Current Status • Most of the phase-one developments are near complete. • MCS has been extended to handle spatial, temporal, and parameter-based search by adding a layer on top of MCS. • WRS interface has been implemented on top of MCS for data search and discovery. • WCS server has been modified to access data within the virtual organization. • WRS and WCS are connected for searching and then deliver the one-demand data to users. • A demonstration will show the on-demand access of Grid-managed EOS data through a OGC client. • You will not see the Grid because it supposes to work invisible to clients outside to the Grid.
Near-term Plan (within 6 months) • Build the real development/test environment. • Modify WCS server so that it can work as the client to another WCS server remotely located in other machine. • to fetch just the right amount of data to the requested machine within the Grid. • Test the service concepts • Register services in MCS • Couple services with data • enable to search available services associated with data • enable to search available data with a given service • Develop fundamental data services • Reformatting, subsetting/resampling • Georectification/reprojection • Supervised and unsupervised classification services
The NASA EOSDIS Data Pools • The NASA EOSDIS project is implementing data pools that contains huge amount of remote sensing data on-line for users to directly and rapidly access. • The data pools will be operated at each of nine NASA’s distributed active archive centers (DAACs). • Each data pool will provide discipline-specific EOSDIS data archived at the DAAC. • DAACs are connected through the high-speed network • Currently there are total four operational data pools at GSFC, Langley, EDC, and NSIDC. • Both data search through search criteria and data finding through browsing/drilling-down are provided. • ftp for data downloading.

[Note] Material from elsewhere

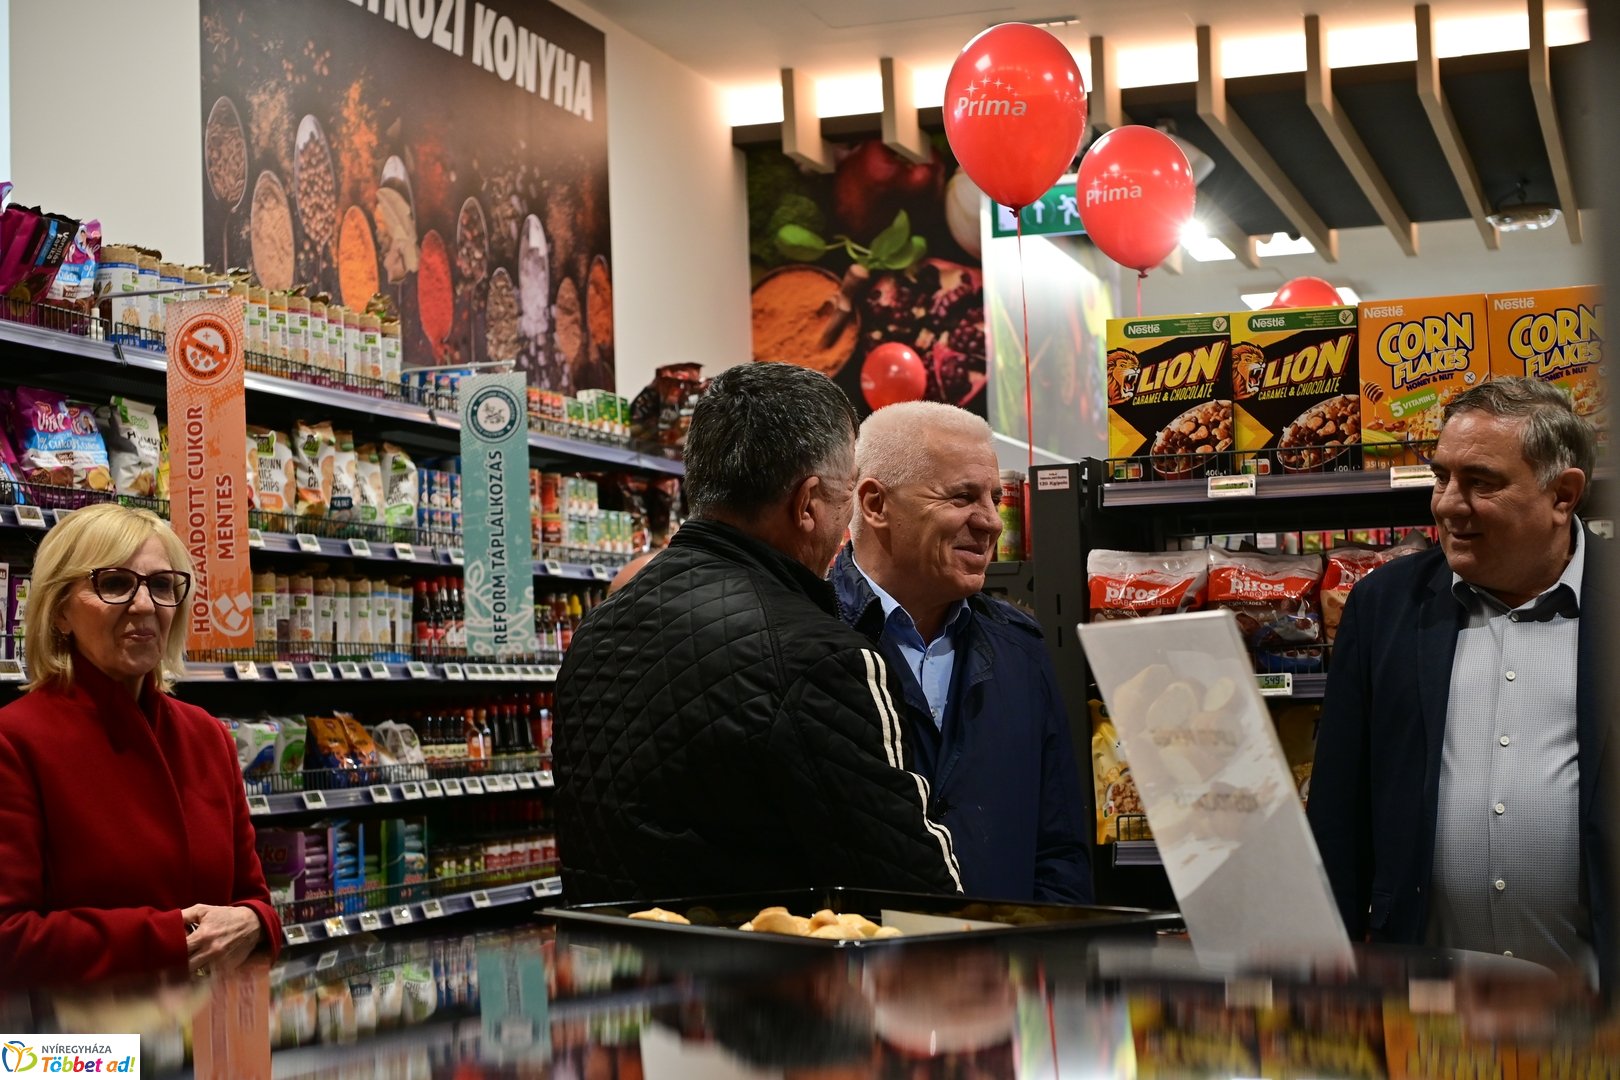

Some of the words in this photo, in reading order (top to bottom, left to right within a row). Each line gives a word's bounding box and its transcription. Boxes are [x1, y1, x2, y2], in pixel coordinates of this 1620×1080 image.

No data services is provided. • OGC WCS interface is being implemented. • provide better data access than FTP.
The CEOS Grid Data Pool Application • Deploy the geospatial Grid software developed by GMU-led team to data pools as one of CEOS Grid Applications • Initially at NASA Goddard DAAC. • Intend to expand to all data pools. • The application will provide • secured sharing of computing resources among the data pools. • a single point of entry to all resources in the pools--location transparent. • geospatial standard-based data discovery and access. • Automatic data transformation services • Virtual data services • Interactive geospatial modeling, execution, and model sharing.
Contribution to the CEOS Grid Activities • Share the technology, software, and experience with other CEOS Grid application projects • Contribute the Grid data pool application to the CEOS Grid testbed for technology demonstration. • The technology and the software created by this project can be used to create a CEOS-based Global EO Data and Information Grid • Support globally sharing the EO data, information, and/or computational resources. • Support International scientific and EO initiatives such as Integrated Global Observation System (IGOS). • Support the use of EO data/information in the developing countries for environmental monitoring and decision support.